By lowering oxygen levels as well as temperature storage levels you can increase the life-span of your seed for up to 20 years. Another storage technique is to dehydrate the seeds around 2-5%; no more is recommended as it might affect the internal constitution of the seed. Temperature is extremely important as it regulates the activity of the enzymes during germination; during storage, temperature regulates the embryos metabolism.

Immature seeds tend to be light in color and have a soft outer shell.

In commercial cannabis production, generally, growers will plant many seeds of one strain and choose the best plant. They will then take clones from that individual plant, which allows for consistent genetics for mass production.

Once you see the taproot, it’s time to transfer your germinated seed into its growing medium, such as soil.

Are you ready to grow?

A couple big drawbacks, though: Autoflower strains are known for being less potent. Also, because they are small in stature, they usually don’t produce big yields.

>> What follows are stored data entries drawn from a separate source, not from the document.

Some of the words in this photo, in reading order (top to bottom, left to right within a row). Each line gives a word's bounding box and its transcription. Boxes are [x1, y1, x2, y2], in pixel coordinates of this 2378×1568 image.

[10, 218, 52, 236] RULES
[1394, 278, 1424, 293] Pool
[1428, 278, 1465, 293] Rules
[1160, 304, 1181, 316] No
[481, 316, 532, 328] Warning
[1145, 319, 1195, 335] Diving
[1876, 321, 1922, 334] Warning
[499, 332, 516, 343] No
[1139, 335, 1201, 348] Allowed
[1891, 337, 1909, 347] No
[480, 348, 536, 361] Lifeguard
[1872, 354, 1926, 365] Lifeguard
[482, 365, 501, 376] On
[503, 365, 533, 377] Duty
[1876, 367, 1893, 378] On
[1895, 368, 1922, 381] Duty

As we’ve mentioned, cannabis is a dioecious plant, meaning male and female reproductive organs appear on different plants.

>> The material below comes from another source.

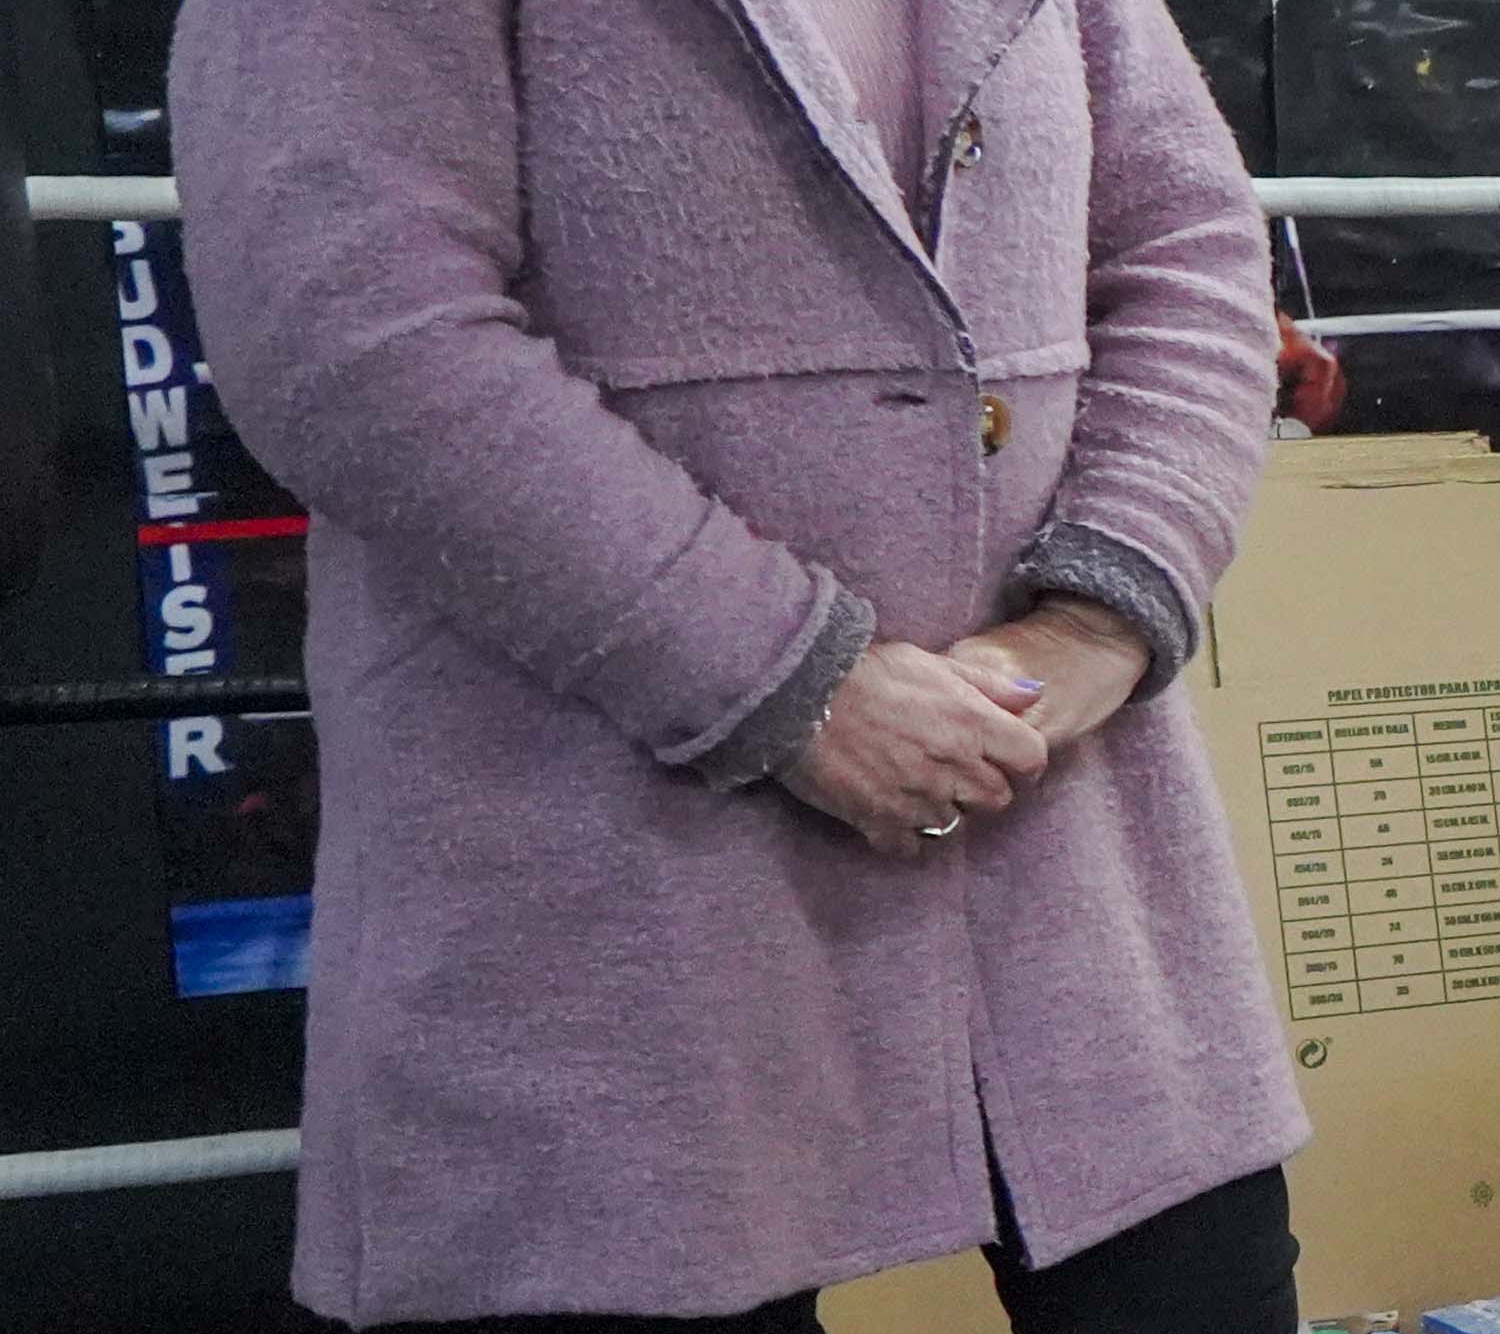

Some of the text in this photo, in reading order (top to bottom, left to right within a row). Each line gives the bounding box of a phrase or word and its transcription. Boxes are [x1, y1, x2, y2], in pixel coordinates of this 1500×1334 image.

[1327, 687, 1362, 704] PAPEL
[1365, 683, 1436, 702] PROTECTOR
[1438, 681, 1470, 696] PARA

CBD, or cannabidiol, is one of the chemical components—known collectively as cannabinoids—found in the cannabis plant. Over the years, humans have selected plants for high-THC content, making cannabis with high levels of CBD rare. The genetic pathways through which THC is synthesized by the plant are different than those for CBD production.

Check out Johanna’s full video series on how to grow weed on Leafly’s YouTube .

Another option – perhaps less risky – is to give your excess seeds to friends, without involving any financial transactions. If you are completely transparent about where the seeds come from, this can be an excellent way to encourage someone to get into growing cannabis, and you could have a new weed growing buddy to swap clones or buds in the future.

If you notice seeds in your bud, it can be annoying, but there’s no need to discard them! At Weedseedsexpress, we think that all weed should be valued. Instead, read our blog to discover some ingenious ways to use any spare cannabis seeds. Here are five ideas that are certainly worth investigating.

Did you know that cannabis seeds are extremely nutritious, just like hemp, which has long been sold in health food stores? In fact, they are packed full of protein, fiber, healthy unsaturated seeds rich in omega oils and many vitamins. Plus, they contain an impressive range of minerals, such as iron, sodium, potassium, and magnesium.

4. Give them away or sell them

No matter why you have extra seeds left after harvest, here are five alternative ways to make the most out of them, rather than just throwing them away.

You can eat them raw (with or without the husk) or toast them. You can eat them on their own, or use them as a tasty salad garnish. Cannabis seeds do not contain measurable amounts of THC, so you can enjoy them without worrying about getting high. Try scattered granola or oatmeal – they even count as one of your five a day!

First, discard any immature seeds. Mature seeds have a different appearance compared to those who are immature.

There are many reasons why you could end up with extra marijuana seeds, either because you started growing with seeds found in the bottom of a bag and have a few left or because you developed some during your growing crops.